| Instructions for the task |
An exact copy of the records is needed; please leave the images out.

=== Begin Enclosure ===

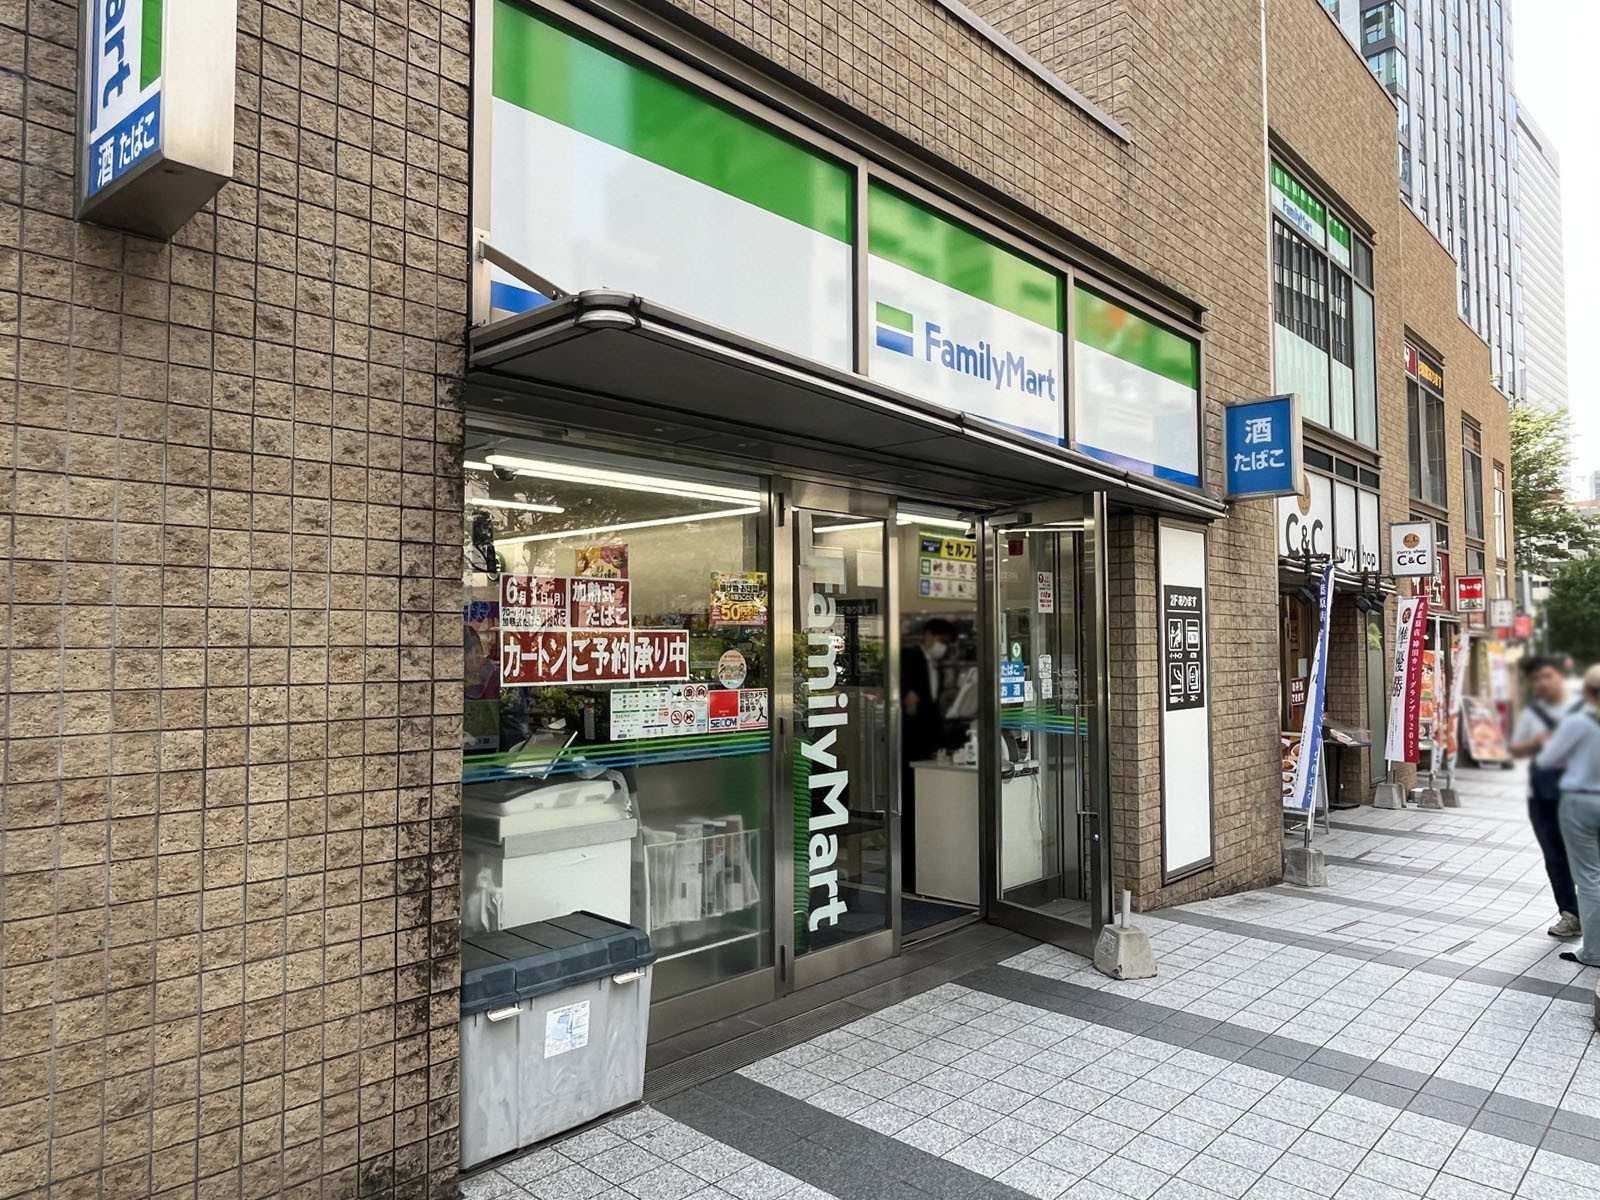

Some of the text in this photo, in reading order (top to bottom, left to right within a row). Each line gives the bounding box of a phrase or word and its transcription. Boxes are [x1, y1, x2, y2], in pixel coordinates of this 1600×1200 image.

[97, 111, 155, 188] 酒 たばこ
[925, 321, 1056, 402] FamilyMart
[1244, 417, 1272, 445] 酒
[1233, 449, 1286, 472] たばこ
[1397, 554, 1427, 566] C&C
[572, 580, 616, 604] 加熱式
[585, 605, 629, 626] たばこ
[503, 635, 687, 677] カートンご予約承り中
[1001, 664, 1020, 676] たばこ
[710, 718, 738, 729] SECOM
[801, 557, 849, 932] FamilyMart
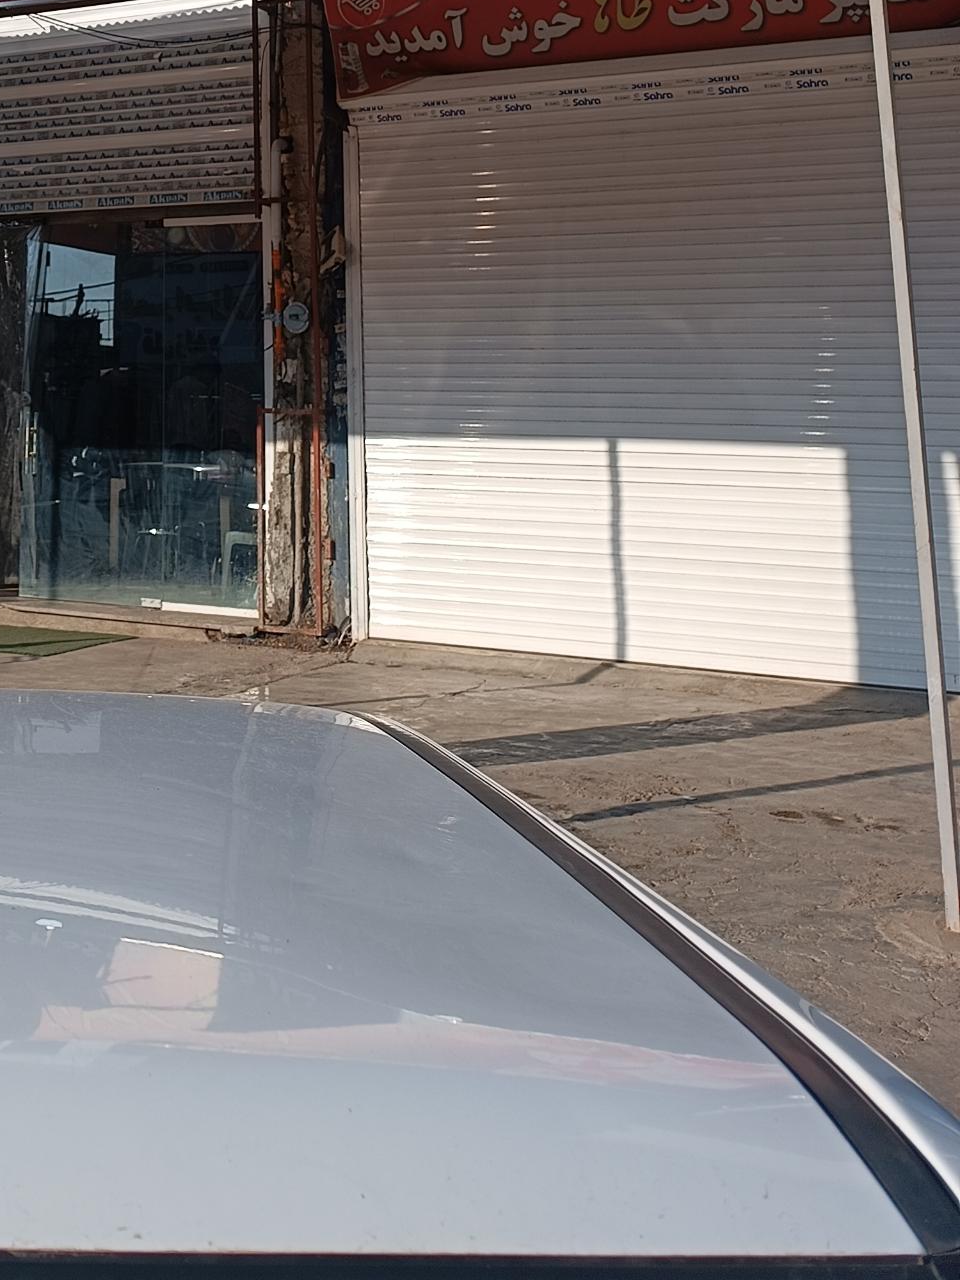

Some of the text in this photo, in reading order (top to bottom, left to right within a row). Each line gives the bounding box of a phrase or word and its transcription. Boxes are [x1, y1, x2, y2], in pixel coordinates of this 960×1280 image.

=== End Enclosure ===

| Exercise answer |
Some of the text in this photo, in reading order (top to bottom, left to right within a row). Each line gives the bounding box of a phrase or word and its transcription. Boxes are [x1, y1, x2, y2], in pixel coordinates of this 1600×1200 image.

[97, 111, 155, 188] 酒 たばこ
[925, 321, 1056, 402] FamilyMart
[1244, 417, 1272, 445] 酒
[1233, 449, 1286, 472] たばこ
[1397, 554, 1427, 566] C&C
[572, 580, 616, 604] 加熱式
[585, 605, 629, 626] たばこ
[503, 635, 687, 677] カートンご予約承り中
[1001, 664, 1020, 676] たばこ
[710, 718, 738, 729] SECOM
[801, 557, 849, 932] FamilyMart

Some of the text in this photo, in reading order (top to bottom, left to right within a row). Each line gives the bounding box of a phrase or word and its transcription. Boxes are [x1, y1, x2, y2], in pixel coordinates of this 960×1280 image.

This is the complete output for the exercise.